In numerous posts, I’ve argued that the evidence doesn’t come close to supporting the conservative talking point that what’s holding back hiring is Obama-driven regulatory uncertainty.
Well, here’s another data nugget: the share of layoffs, job losses, and UI claims that employers report are due to government regulations or interventions. They are tiny—expect in one case in the table, never more than half of one percent. And in the most recent quarter, they were all about zero (technically, the number reported was too small to meet BLS sampling criteria).
Source: BLS, Table 2
My point is not simply to dispense with an erroneous talking point, but to try to stop the key-dangling-look-over-here-not-over-there routine re the major economic problem we still face: inadequate demand.

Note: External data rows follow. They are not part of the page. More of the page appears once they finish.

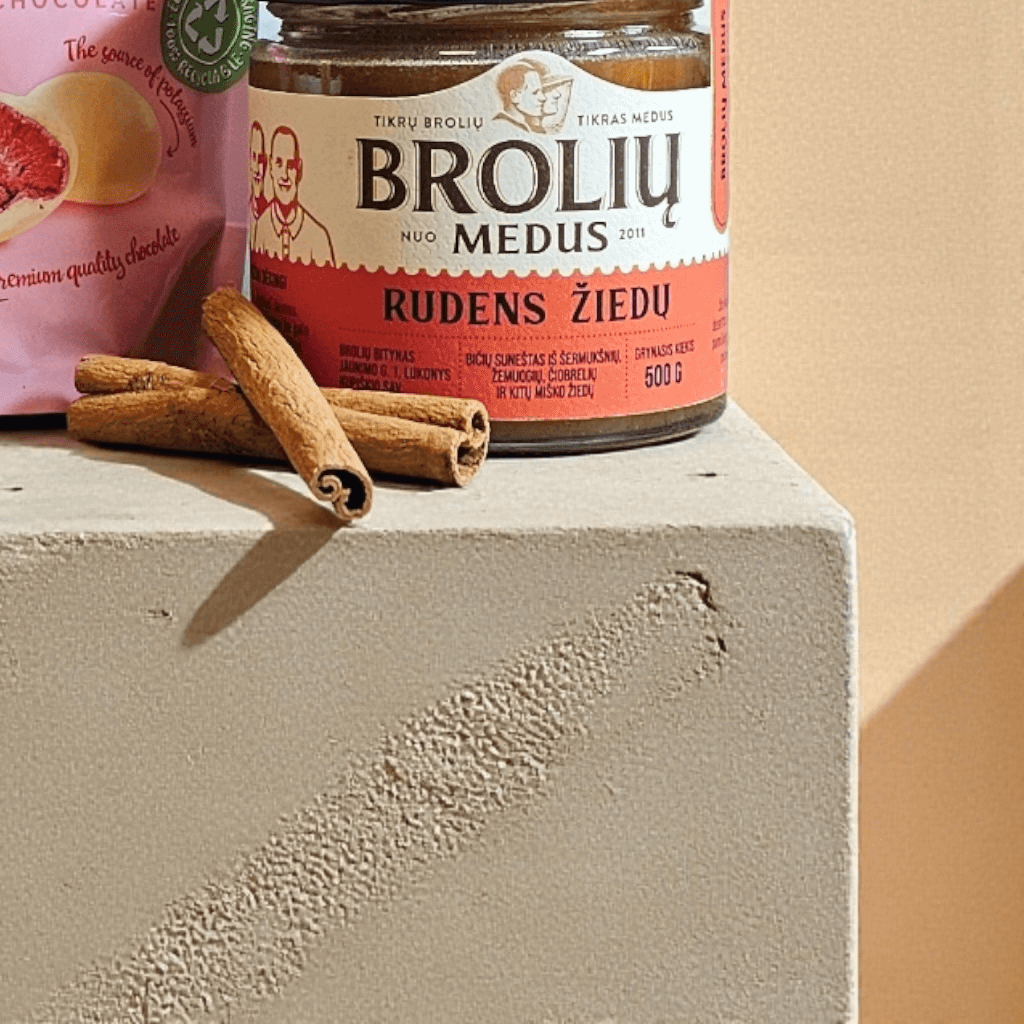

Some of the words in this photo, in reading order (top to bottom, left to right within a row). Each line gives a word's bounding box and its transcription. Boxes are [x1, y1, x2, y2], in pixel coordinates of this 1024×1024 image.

[63, 35, 98, 62] The
[101, 46, 145, 71] source
[144, 65, 162, 89] of
[374, 115, 418, 130] TIKRŲ
[424, 114, 484, 130] BROLIŲ
[577, 112, 627, 127] TIKRAS
[632, 109, 674, 124] MEDUS
[356, 132, 682, 228] BROLIŲ
[401, 230, 437, 243] NUO
[452, 220, 609, 255] MEDUS
[619, 227, 646, 240] 2011
[66, 249, 126, 287] quality
[125, 225, 180, 266] chocolate
[382, 287, 546, 326] RUDENS
[570, 282, 672, 324] ŽIEDŲ
[495, 351, 546, 367] SUNEŠTAS
[548, 351, 557, 365] IŠ
[644, 363, 672, 389] 500
[674, 361, 683, 383] G
[496, 385, 506, 398] IR
[509, 384, 532, 401] KITŲ
[535, 383, 566, 399] MIŠKO
[567, 383, 595, 399] ŽIEDŲ
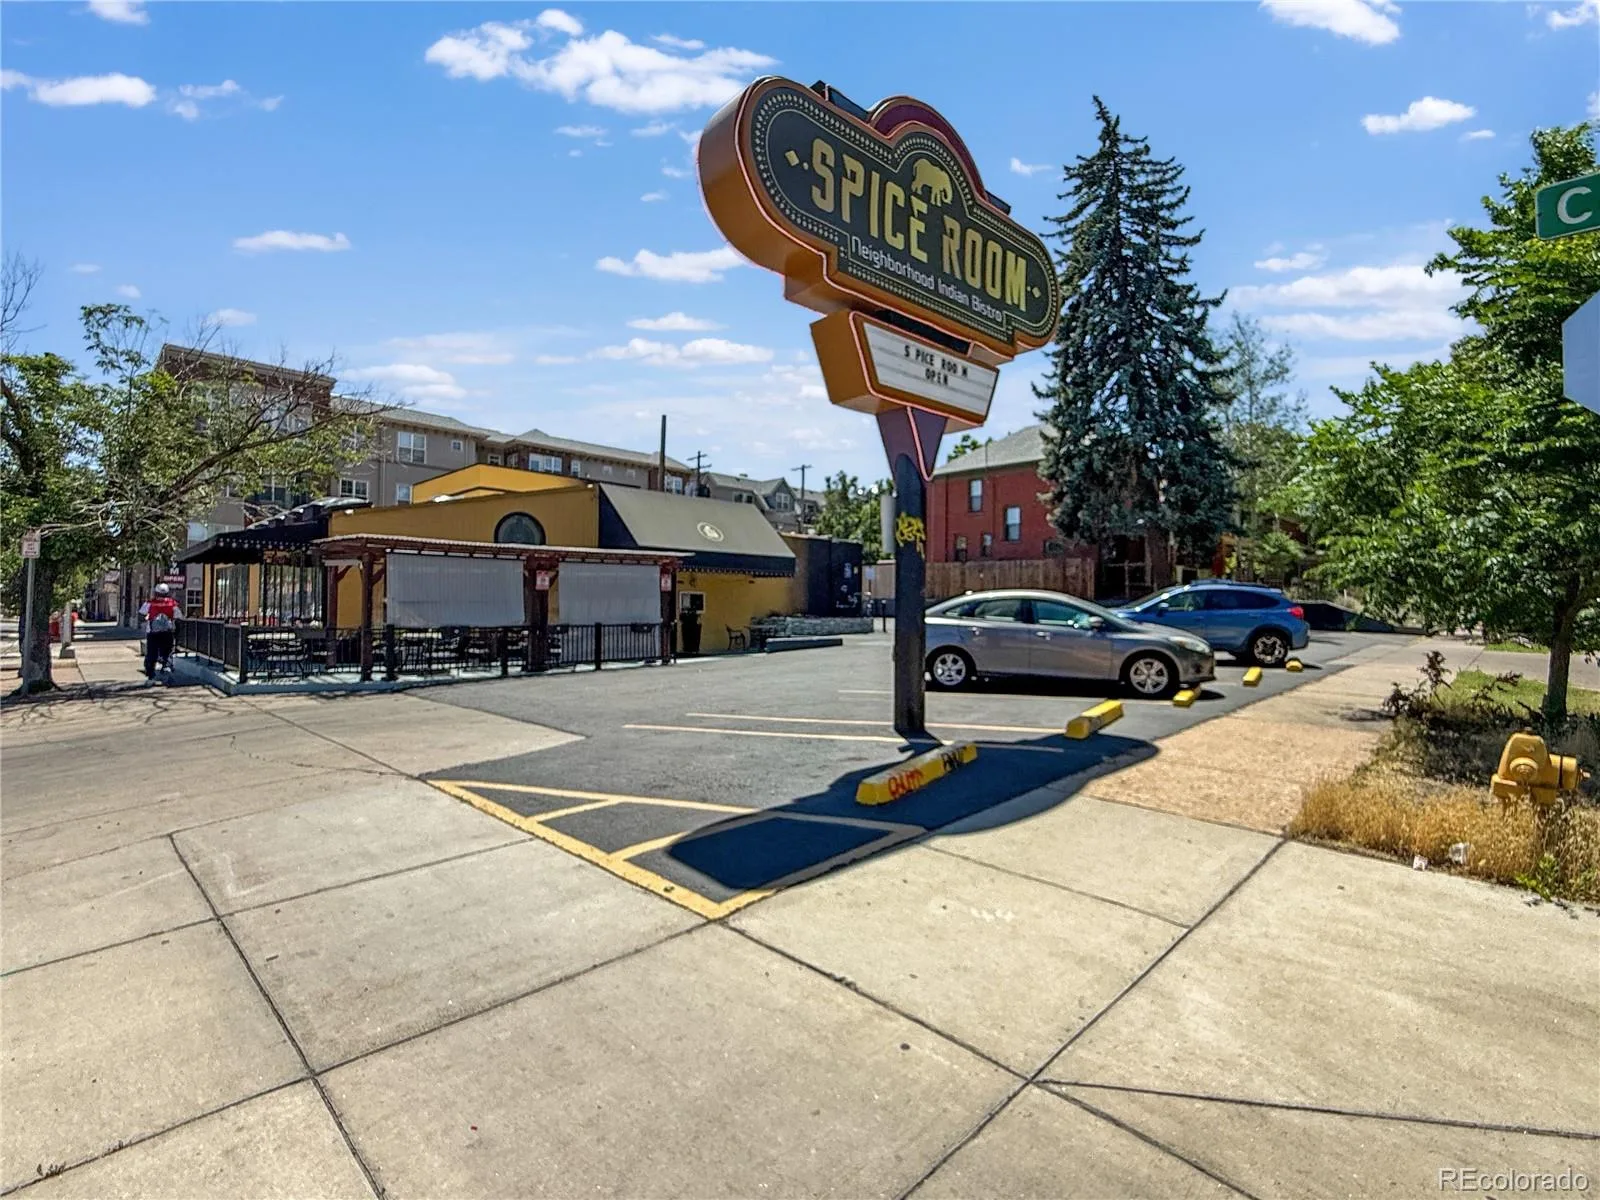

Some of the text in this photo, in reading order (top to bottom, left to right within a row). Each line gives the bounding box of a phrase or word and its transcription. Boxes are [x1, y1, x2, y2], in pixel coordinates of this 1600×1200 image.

Moreover, the policy implications of getting the diagnosis wrong are steep. The regulatory diagnosis points toward dismantling stuff like financial and health care reform—particularly nuts, btw, since neither has really been implemented yet. The insufficient demand diagnosis points toward stimulus.
And if we can’t read the right signs, we’re going to stay lost.
Data Note: A layoff is an event involving the filing of 50 or more initial UI claims by an employer during a 5-week period, with at least 50 workers separated from a job for more than 30 days. Separations include job losses from such an event, whether or not the worker claimed UI.